_Data for the task_.
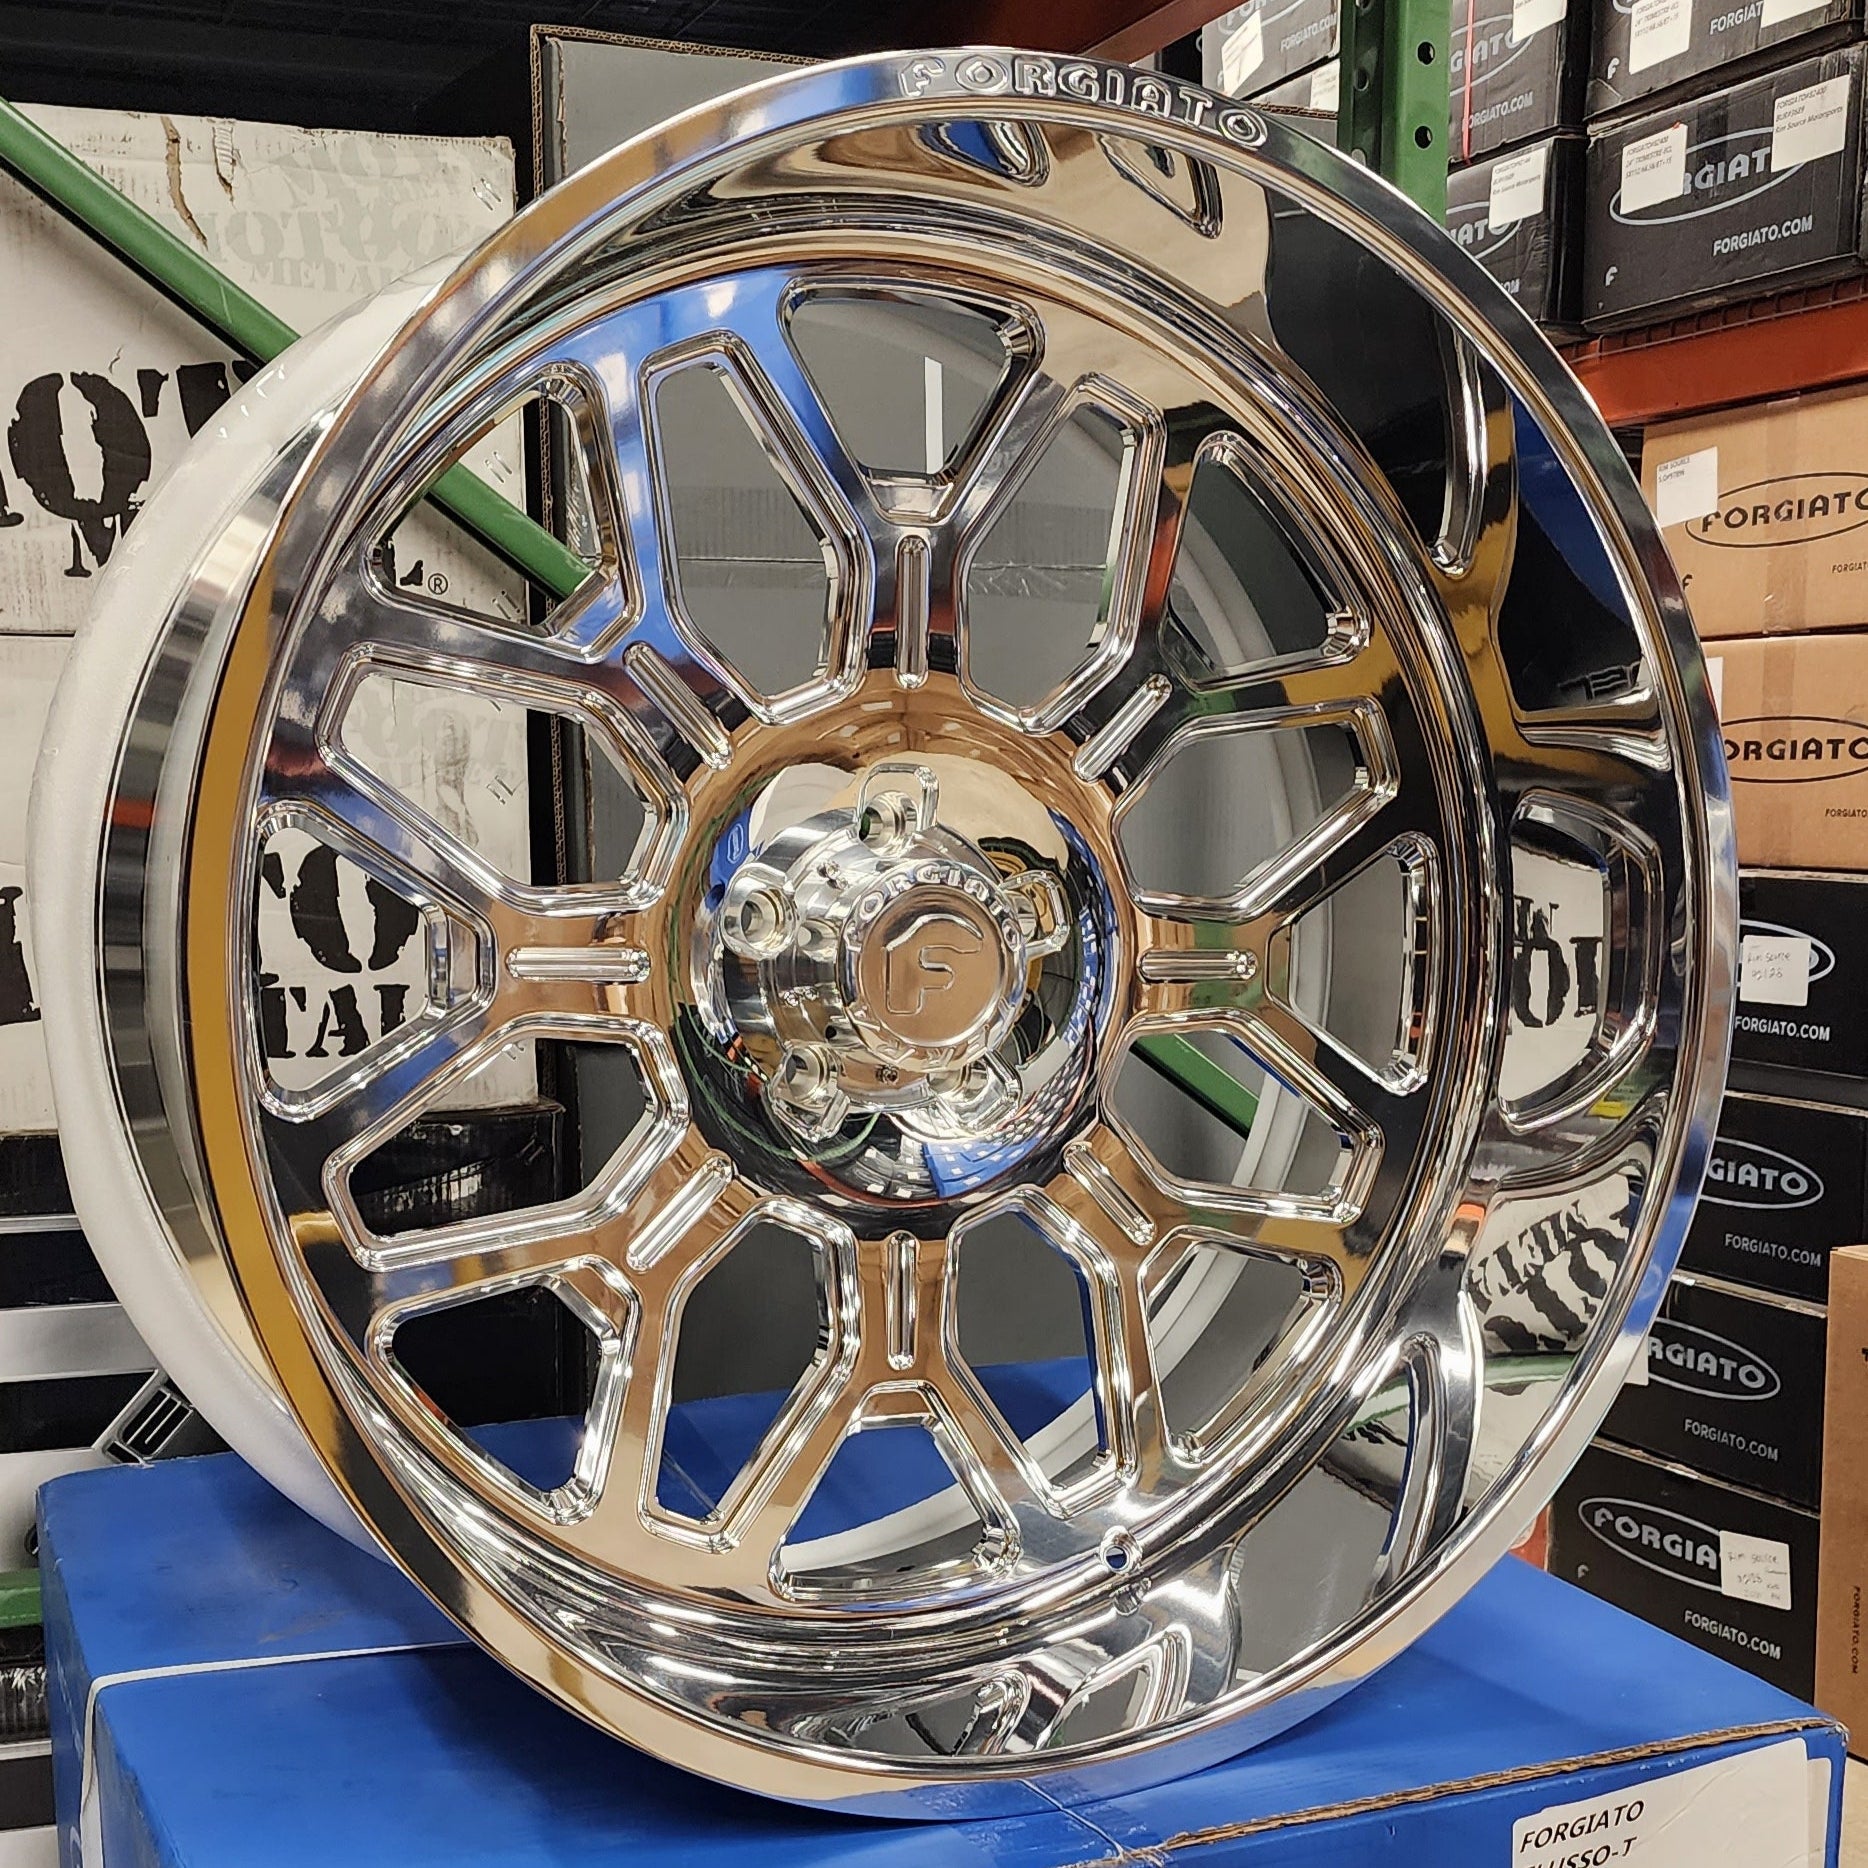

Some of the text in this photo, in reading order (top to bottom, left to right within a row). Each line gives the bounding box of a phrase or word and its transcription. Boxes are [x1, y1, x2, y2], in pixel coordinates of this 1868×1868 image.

[900, 55, 1268, 147] FORGIATO
[1713, 215, 1813, 256] FORGIATO.COM
[1605, 266, 1618, 286] F
[1735, 1016, 1830, 1041] FORGIATO.COM
[1725, 1234, 1821, 1267] FORGIATO.COM
[1684, 1419, 1778, 1461] FORGIATO.COM
[1684, 1610, 1781, 1659] FORGIATO.COM
[1520, 1800, 1644, 1853] FORGIATO

_Exercise aim_.
All records above should be duplicated exactly, with the pictures omitted.

_The completed task_.
Some of the text in this photo, in reading order (top to bottom, left to right within a row). Each line gives the bounding box of a phrase or word and its transcription. Boxes are [x1, y1, x2, y2], in pixel coordinates of this 1868×1868 image.

[900, 55, 1268, 147] FORGIATO
[1713, 215, 1813, 256] FORGIATO.COM
[1605, 266, 1618, 286] F
[1735, 1016, 1830, 1041] FORGIATO.COM
[1725, 1234, 1821, 1267] FORGIATO.COM
[1684, 1419, 1778, 1461] FORGIATO.COM
[1684, 1610, 1781, 1659] FORGIATO.COM
[1520, 1800, 1644, 1853] FORGIATO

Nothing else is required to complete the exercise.